Heart disease is the leading global cause of death, accounting for 17.3 million deaths per year. In a recent paper published by the American Heart Association (AHA), once again, the role of dietary fats in heart disease, specifically saturated fat, is examined. According to the AHA, replacing saturated fat with polyunsaturated fat could reduce heart disease by 30%, similar to the results achieved by taking statins. Really?
While there is some evidence to support a link between dietary saturated fat consumption and heart disease in a high-carbohydrate setting, so many other factors need to be taken into account. Dietary fat consumption has little to do with cholesterol levels as compared to the cholesterol circulating in our bodies that is produced by the liver. In this recent paper, even the American Heart Association has softened its stance on dietary fat consumption, claiming vegetable oils as the fat of choice, while still demonizing saturated fats. There is no basis for this positioning in a low carb setting. Even AHA admits that replacing saturated fat with most refined carbohydrates and sugars does not reduce or prevent heart disease. So why advise the public to avoid sat fat? There’s simply no evidence that substituting unsaturated fat for saturated fat is beneficial. Many of the clinical trials that have tested this hypothesis were performed 50 or more years ago and are riddled with design problems.
Fat, like protein, helps keep you full for longer. And since it carries flavor, it makes food more satisfying. In other words, you could consume 500 calories of fat and feel more full and satisfied than 1,000 calories of refined carbs. Even better, when you eat fat, it slows the entry of glucose into the bloodstream, moderating the highs and lows of blood sugar. So instead of that crash and burn after eating carbs, and return of your hunger soon after, fat helps moderate your appetite and your cravings.
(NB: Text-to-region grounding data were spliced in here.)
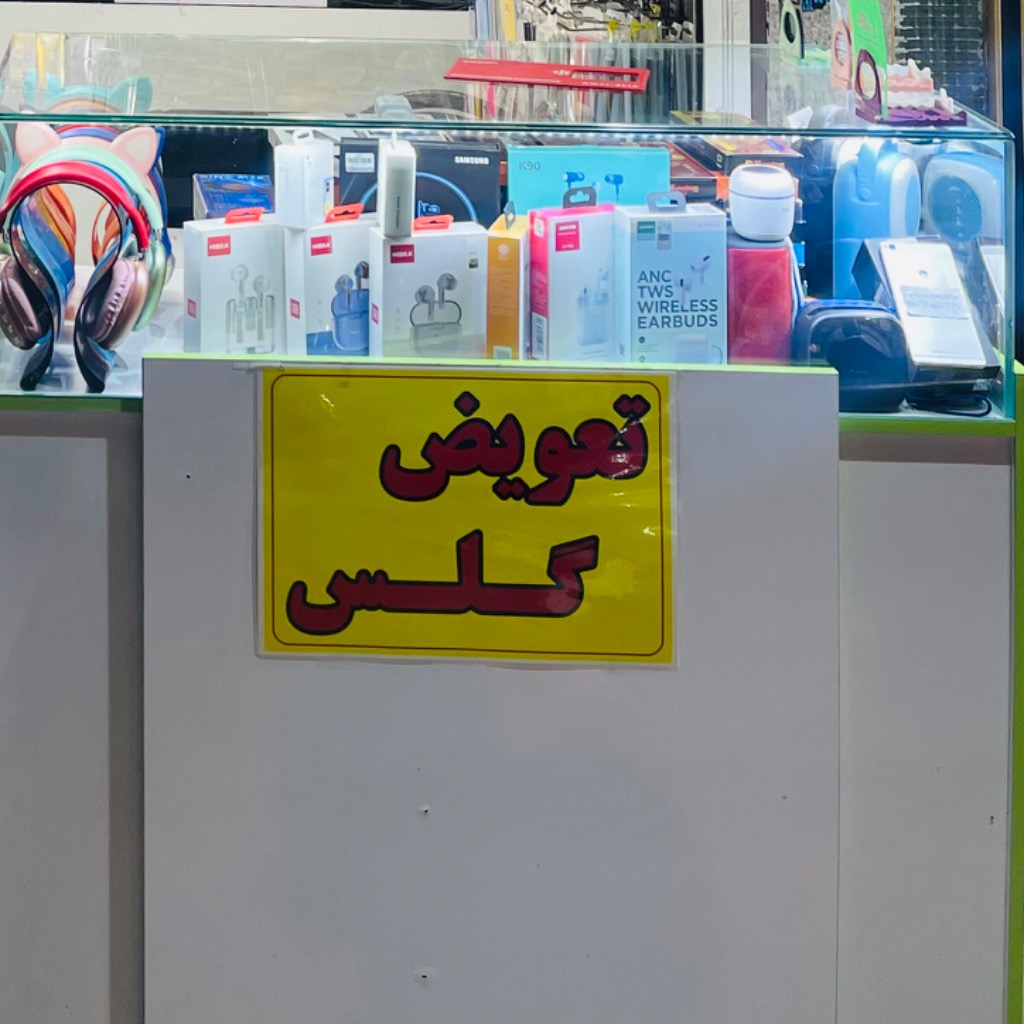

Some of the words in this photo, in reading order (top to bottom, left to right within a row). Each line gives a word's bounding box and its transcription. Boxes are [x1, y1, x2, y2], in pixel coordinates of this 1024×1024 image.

[519, 161, 541, 171] K90
[638, 270, 672, 283] ANC
[637, 285, 674, 298] TWS
[637, 314, 718, 329] EARBUDS
[380, 391, 651, 506] تعویض
[286, 528, 599, 636] گلس
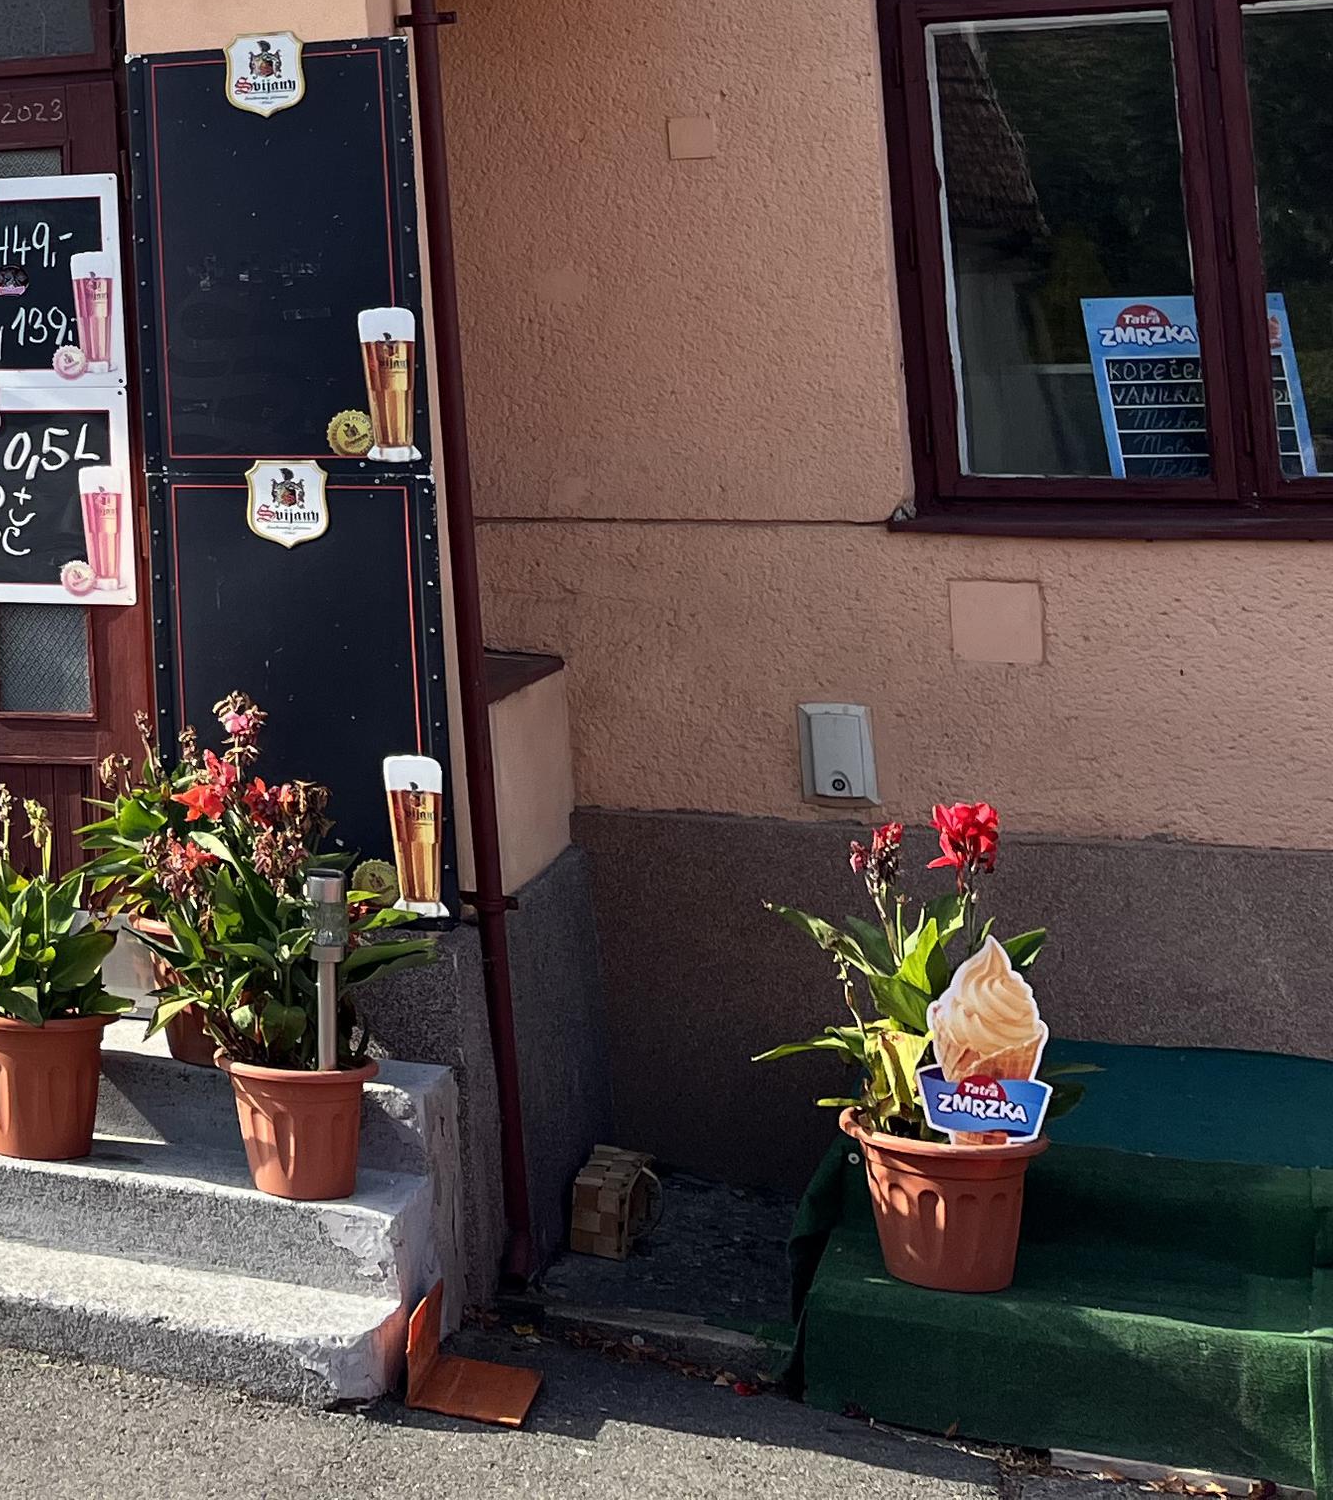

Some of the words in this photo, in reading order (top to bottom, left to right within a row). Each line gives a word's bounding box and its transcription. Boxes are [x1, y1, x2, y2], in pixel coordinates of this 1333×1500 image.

[235, 77, 296, 94] Svijany
[1099, 325, 1196, 347] ZMRZKA
[257, 504, 319, 523] Svijany
[937, 1094, 1028, 1123] ZMRZKA
While researchers have not determined the optimal percentage of fat consumption, study after study has shown that when we restrict or limit carbs (specifically the simple carbs), we are able to consume higher levels of fats, including saturated fat, because they are being burned for fuel (although everyone agrees that trans fats should be avoided at all costs). In addition, meticulous analyses of the daily food menus for the four principle phases of the Atkins reveal a very balanced intake of fats. This happens naturally with whole food selections because nature, in its wisdom, presents fats in whole foods in such a manner. If you’re doing Atkins, the level of saturated fat you eat on Atkins poses no health risks. When balanced with mono- and polyunsaturated fats in a low-carb diet, saturated fat may actually have real and measurable benefits in a number of different arenas.
In other words, you are on the right track if you’re consuming a diet with adequate protein consisting of, poultry, fish, meat, some dairy including eggs, Greek yogurt, and a little cheese, healthy fats (found in olives and olive oil, avocado, butter, seeds, nuts, nut oils and butters and oily fish such as salmon, sardines and mackerel), lots of high-fiber carbohydrates such as colorful vegetables, as well as controlled portions of low glycemic fruits such as berries etc. Once weight goals are achieved even some whole grains and legumes can be incorporated.